In other words, for this particular case, when we hit the river there was a pot of $10 and the opponent bets us $5. In other words, we need to pay $5 for a total pot of $15. This is equivalent to paying 1/3 of the pot, so we need to be successful one out of three times for the call to be a correct decision.

In other words, we have 33.33% of the time we will need to win the hand for it to be a good call.

– Case 2:

We reach the river in a poker hand and there is a pot of $100 but we don’t manage to call any moves and decide to make a bet of $50 to try to bluff our way into the pot. How often should our opponent fold to make our action profitable in the long run? Again, our intuition may give us the wrong information and we may believe that we need a 50% success rate for our move to be profitable, but again we would be wrong.

But we must use similar reasoning to the previous case to calculate the probability of success of our bluff. In ratio, we have to rely on this mathematical principle:

The amount bluff bet / total pot after the bluff bet.

In this case: 50 /150 = 1/3; therefore, our opponent should fold one out of three times for our move to be at least neutral and not lose money. From that frequency of withdrawals onwards, it would be a profitable move. That is, if we assume that our opponent is going to withdraw 30, 25, 20%, our move would be profitable.

But if, on the other hand, we believe that 35, 40, 50% of the time our opponent will pay that bet, the profitable thing to do is not to bluff.
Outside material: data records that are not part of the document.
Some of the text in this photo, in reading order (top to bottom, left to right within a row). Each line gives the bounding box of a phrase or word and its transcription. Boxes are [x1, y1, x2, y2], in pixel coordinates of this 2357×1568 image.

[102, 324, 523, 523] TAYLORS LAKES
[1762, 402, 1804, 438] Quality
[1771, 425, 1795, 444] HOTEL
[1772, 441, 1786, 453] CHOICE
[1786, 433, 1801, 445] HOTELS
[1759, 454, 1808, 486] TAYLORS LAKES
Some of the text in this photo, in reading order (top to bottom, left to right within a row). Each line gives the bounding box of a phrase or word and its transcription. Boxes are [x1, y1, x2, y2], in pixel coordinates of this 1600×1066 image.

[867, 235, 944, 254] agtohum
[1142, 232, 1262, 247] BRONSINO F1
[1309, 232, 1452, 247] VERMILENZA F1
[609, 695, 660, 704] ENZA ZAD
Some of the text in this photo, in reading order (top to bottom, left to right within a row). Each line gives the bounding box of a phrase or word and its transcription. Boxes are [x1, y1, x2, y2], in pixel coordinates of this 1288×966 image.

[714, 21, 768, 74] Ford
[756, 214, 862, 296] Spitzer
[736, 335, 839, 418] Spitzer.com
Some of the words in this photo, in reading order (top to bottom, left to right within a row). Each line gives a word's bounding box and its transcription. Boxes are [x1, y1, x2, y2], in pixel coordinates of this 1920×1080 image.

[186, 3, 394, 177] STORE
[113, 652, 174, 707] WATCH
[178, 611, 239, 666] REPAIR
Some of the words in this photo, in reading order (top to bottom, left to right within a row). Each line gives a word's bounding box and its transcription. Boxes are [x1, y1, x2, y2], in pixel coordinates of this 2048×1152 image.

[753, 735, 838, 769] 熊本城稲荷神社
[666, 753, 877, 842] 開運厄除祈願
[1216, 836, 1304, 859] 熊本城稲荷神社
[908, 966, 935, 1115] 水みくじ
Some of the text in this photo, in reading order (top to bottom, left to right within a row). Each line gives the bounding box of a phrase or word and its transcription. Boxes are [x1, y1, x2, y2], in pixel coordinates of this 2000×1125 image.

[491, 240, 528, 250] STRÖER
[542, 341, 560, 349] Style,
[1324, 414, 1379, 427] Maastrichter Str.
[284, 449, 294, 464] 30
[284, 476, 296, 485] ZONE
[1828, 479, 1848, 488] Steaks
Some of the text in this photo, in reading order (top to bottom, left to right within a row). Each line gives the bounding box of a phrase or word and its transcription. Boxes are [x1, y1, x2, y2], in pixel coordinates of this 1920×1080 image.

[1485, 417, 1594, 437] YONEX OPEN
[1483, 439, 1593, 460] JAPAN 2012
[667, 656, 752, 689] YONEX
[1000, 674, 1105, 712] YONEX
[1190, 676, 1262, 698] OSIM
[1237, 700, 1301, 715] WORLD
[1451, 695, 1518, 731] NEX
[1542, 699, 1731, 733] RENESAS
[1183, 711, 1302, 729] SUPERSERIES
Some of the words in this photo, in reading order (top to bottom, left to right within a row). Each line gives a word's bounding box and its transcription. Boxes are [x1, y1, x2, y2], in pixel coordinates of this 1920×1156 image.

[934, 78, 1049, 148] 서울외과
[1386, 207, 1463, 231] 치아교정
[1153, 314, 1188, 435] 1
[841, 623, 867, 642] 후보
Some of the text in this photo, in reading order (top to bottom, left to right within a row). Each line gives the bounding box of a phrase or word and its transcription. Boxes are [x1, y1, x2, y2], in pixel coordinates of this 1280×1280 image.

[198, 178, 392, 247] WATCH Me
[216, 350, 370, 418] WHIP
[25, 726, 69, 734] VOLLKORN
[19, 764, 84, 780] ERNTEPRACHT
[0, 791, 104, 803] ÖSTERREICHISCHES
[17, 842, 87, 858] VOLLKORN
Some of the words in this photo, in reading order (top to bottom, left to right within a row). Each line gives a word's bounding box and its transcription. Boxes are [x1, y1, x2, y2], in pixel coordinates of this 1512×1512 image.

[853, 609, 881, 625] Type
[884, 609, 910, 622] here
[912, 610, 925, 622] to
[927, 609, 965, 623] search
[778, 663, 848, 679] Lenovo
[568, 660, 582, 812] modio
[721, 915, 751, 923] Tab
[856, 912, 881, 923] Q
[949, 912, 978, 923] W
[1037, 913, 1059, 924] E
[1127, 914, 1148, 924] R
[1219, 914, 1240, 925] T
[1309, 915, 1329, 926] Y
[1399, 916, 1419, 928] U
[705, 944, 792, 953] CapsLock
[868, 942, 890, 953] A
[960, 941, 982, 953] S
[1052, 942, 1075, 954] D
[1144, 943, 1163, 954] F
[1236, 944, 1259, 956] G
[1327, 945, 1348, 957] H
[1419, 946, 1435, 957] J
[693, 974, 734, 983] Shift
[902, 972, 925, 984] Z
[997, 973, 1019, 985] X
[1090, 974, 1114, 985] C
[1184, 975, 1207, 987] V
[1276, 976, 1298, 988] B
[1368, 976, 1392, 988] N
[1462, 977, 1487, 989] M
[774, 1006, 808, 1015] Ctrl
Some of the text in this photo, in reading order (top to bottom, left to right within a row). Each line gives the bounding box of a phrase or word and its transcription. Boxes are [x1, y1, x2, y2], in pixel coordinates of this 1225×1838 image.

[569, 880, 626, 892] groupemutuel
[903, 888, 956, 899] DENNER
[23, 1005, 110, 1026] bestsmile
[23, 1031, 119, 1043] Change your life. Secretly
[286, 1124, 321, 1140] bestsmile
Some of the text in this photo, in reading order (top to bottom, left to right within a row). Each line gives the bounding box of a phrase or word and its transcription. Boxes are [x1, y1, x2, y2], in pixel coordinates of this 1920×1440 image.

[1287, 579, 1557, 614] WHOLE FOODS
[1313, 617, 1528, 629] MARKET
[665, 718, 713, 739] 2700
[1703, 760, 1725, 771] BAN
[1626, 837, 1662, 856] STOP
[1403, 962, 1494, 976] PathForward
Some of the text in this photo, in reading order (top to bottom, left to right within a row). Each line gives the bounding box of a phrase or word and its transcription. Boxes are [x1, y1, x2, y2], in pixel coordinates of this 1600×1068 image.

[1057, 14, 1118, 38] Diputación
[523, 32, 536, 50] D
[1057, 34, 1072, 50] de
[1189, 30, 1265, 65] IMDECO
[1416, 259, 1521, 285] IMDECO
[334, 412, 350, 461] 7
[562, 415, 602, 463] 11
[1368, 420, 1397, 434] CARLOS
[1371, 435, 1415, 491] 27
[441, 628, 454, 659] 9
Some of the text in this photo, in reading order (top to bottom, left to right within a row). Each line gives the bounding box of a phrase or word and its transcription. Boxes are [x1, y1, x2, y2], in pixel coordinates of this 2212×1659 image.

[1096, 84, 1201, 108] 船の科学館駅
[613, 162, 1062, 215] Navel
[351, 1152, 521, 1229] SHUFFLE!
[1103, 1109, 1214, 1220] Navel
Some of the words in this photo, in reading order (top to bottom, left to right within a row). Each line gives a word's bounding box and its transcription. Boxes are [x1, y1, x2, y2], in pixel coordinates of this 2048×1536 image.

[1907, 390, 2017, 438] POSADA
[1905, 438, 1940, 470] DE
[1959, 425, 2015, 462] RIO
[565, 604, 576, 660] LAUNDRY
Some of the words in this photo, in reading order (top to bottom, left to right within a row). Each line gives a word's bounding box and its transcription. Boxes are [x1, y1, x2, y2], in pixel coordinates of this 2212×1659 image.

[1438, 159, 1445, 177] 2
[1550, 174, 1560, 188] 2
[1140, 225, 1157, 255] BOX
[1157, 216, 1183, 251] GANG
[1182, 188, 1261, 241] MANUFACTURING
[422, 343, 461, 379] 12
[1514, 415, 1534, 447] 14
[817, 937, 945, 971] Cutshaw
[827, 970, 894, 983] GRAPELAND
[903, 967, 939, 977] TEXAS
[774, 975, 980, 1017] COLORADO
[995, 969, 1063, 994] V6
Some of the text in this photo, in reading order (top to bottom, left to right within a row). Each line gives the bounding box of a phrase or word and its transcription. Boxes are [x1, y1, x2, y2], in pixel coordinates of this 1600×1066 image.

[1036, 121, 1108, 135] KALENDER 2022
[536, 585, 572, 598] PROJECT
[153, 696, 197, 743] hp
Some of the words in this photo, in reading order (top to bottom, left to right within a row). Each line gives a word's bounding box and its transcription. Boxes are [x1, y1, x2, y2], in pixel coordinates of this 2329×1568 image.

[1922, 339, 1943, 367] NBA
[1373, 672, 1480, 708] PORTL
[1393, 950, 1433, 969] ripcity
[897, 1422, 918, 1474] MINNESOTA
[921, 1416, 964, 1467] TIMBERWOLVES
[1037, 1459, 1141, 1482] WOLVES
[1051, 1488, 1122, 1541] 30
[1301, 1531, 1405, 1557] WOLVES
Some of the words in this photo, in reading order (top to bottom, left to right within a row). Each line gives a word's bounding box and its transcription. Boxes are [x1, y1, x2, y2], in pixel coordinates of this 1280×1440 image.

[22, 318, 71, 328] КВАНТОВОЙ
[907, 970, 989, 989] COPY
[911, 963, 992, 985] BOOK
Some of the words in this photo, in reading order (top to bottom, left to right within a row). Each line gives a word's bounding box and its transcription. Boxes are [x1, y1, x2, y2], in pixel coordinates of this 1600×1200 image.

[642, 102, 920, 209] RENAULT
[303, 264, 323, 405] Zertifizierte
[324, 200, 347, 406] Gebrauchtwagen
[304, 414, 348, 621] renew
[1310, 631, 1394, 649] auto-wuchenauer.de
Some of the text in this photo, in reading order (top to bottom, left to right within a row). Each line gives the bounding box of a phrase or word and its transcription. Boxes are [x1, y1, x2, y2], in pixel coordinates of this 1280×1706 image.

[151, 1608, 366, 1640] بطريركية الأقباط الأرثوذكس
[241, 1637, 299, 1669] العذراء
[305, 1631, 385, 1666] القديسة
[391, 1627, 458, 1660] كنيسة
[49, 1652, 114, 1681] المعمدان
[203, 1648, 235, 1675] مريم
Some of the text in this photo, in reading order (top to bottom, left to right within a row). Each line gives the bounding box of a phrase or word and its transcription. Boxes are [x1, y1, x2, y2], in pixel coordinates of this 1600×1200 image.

In percentage: 1/3 = 33.33%.

So that is the minimum fold percentage we need for our move not to be a losing one. Note that the more the opponent tends to fold, the less money we should risk on the bluff bet. Although it may seem shocking, we can lose more than half of the hands in such situations and our move will be positive in the long run.

But we don’t want to mislead you, and the decisions to be made are often much more complicated and it is also difficult to estimate the odds that we think our player is going to fold to our bluff, or similarly, when we are in reverse situations, it is not so easy to estimate the odds that our opponent is bluffing.

We all know that in poker schools, mathematics, statistics and probabilities are a fundamental subject. But we want to make you see that in poker, mathematics can make the difference between a mediocre, losing player and a brilliant, winning player.